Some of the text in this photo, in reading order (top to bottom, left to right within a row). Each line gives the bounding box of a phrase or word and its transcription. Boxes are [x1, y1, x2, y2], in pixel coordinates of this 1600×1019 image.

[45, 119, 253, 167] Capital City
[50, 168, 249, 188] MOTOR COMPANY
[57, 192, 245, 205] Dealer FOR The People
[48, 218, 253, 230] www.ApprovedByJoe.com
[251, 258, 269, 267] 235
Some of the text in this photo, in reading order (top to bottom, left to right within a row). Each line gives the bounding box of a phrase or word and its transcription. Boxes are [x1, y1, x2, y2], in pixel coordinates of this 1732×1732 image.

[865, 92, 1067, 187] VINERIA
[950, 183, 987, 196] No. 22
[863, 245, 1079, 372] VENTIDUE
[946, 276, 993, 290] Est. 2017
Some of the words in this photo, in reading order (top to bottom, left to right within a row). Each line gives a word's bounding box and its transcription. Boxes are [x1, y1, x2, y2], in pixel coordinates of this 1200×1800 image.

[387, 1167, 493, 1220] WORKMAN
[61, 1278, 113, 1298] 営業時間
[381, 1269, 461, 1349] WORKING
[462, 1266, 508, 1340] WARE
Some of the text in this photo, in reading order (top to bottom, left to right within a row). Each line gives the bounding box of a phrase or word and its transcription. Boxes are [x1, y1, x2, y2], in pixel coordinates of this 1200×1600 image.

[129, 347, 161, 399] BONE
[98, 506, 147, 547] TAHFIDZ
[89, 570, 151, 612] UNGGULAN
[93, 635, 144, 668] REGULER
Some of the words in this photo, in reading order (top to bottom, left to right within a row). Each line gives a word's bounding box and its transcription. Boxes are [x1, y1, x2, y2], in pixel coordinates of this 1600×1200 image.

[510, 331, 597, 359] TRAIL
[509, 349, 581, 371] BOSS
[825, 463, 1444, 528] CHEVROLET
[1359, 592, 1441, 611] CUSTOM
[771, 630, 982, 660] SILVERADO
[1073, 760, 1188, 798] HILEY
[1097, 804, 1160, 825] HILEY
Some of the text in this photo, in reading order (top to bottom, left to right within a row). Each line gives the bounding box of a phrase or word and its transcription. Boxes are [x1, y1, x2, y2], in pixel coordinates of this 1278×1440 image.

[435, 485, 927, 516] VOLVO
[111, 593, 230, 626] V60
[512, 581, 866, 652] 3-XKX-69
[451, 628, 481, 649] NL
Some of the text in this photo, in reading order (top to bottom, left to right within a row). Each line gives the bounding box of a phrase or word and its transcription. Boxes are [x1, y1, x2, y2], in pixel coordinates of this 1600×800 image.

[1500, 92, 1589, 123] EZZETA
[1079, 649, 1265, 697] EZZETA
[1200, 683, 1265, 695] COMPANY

::::::::::

- **WORK TO COMPLETE**: The response must consist solely of the lines from the one with "this 1278×1440 image." through the end of the listing above, copied exactly; please include the first and the last.

- **ANSWER BOX**:
Some of the text in this photo, in reading order (top to bottom, left to right within a row). Each line gives the bounding box of a phrase or word and its transcription. Boxes are [x1, y1, x2, y2], in pixel coordinates of this 1278×1440 image.

[435, 485, 927, 516] VOLVO
[111, 593, 230, 626] V60
[512, 581, 866, 652] 3-XKX-69
[451, 628, 481, 649] NL
Some of the text in this photo, in reading order (top to bottom, left to right within a row). Each line gives the bounding box of a phrase or word and its transcription. Boxes are [x1, y1, x2, y2], in pixel coordinates of this 1600×800 image.

[1500, 92, 1589, 123] EZZETA
[1079, 649, 1265, 697] EZZETA
[1200, 683, 1265, 695] COMPANY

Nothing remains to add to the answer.